As the COVID-19 pandemic rages on, cybercriminals and nation states are crafting their attacks to take advantage of the news cycle and the weakened defenses of a dispersed workforce.
This uptick in cyberattacks is coupled with a hacking community that is growing more advanced by the day, with new tools and elegant attack methods that are increasingly hard to defend against.
Now, cybersecurity is no longer an option, says Amelia Paro, channel development manager at ID Agent, a dark web monitoring solution.
Paro, a speaker at the ASCII Group’s MSP Connect virtual event, said cyberattacks have increased by 600% since the start of the pandemic, and 90% of successful attacks that resulted in data breaches were conducted with a phishing email.
“Those are staggering numbers,” Paro says. “They’re terrifying, but it really illustrates the fact that security, compliance and zero trust are no longer an option.”

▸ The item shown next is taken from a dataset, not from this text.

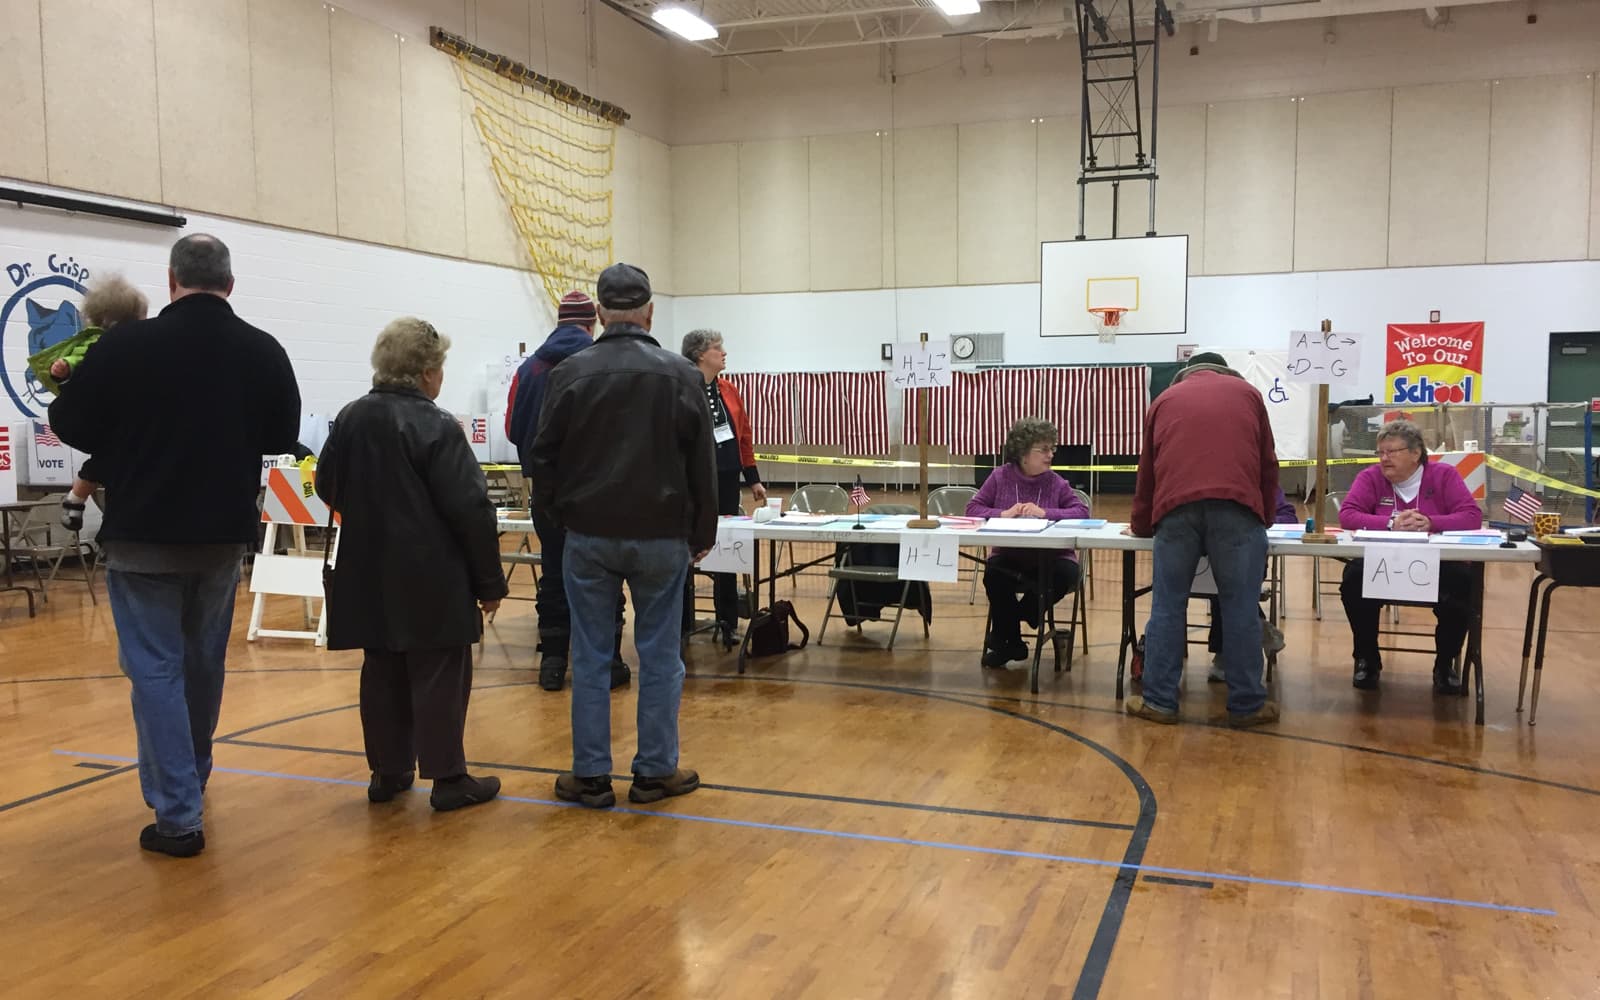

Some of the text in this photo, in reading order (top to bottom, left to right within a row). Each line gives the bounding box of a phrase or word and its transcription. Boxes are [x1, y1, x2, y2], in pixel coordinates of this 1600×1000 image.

Organizations need to take their cybersecurity seriously, especially since the U.S. Department of the Treasury recently issued an advisory that warns companies could face penalties if they actually pay a ransom to an entity that jeopardizes U.S. national security.
Attacks are becoming much more sophisticated and are often difficult to identify, Paro says. Malicious emails are now crafted to imitate legitimate sources.
For example, cybersecurity experts have been warning about suspicious emails with coronavirus-related subject lines or profess to come from the U.S. Centers for Disease Control or other public health organizations.
Hacking is essentially accessible to anyone that wants to try their hand at it, since ransomware kits and other tools are readily available on the dark web.
“It’s even easier for threat actors to perpetuate cybercrime and literally get paid to do nothing,” Paro says.
This underscores why cybersecurity needs to be the driving factor behind any technology decisions an organization makes, including when hiring for internal IT positions and selecting a managed service provider (MSP).
Any good MSP should be able to tell you in detail about those security threats and what the firm is doing to secure its own internal networks – and in turn, yours.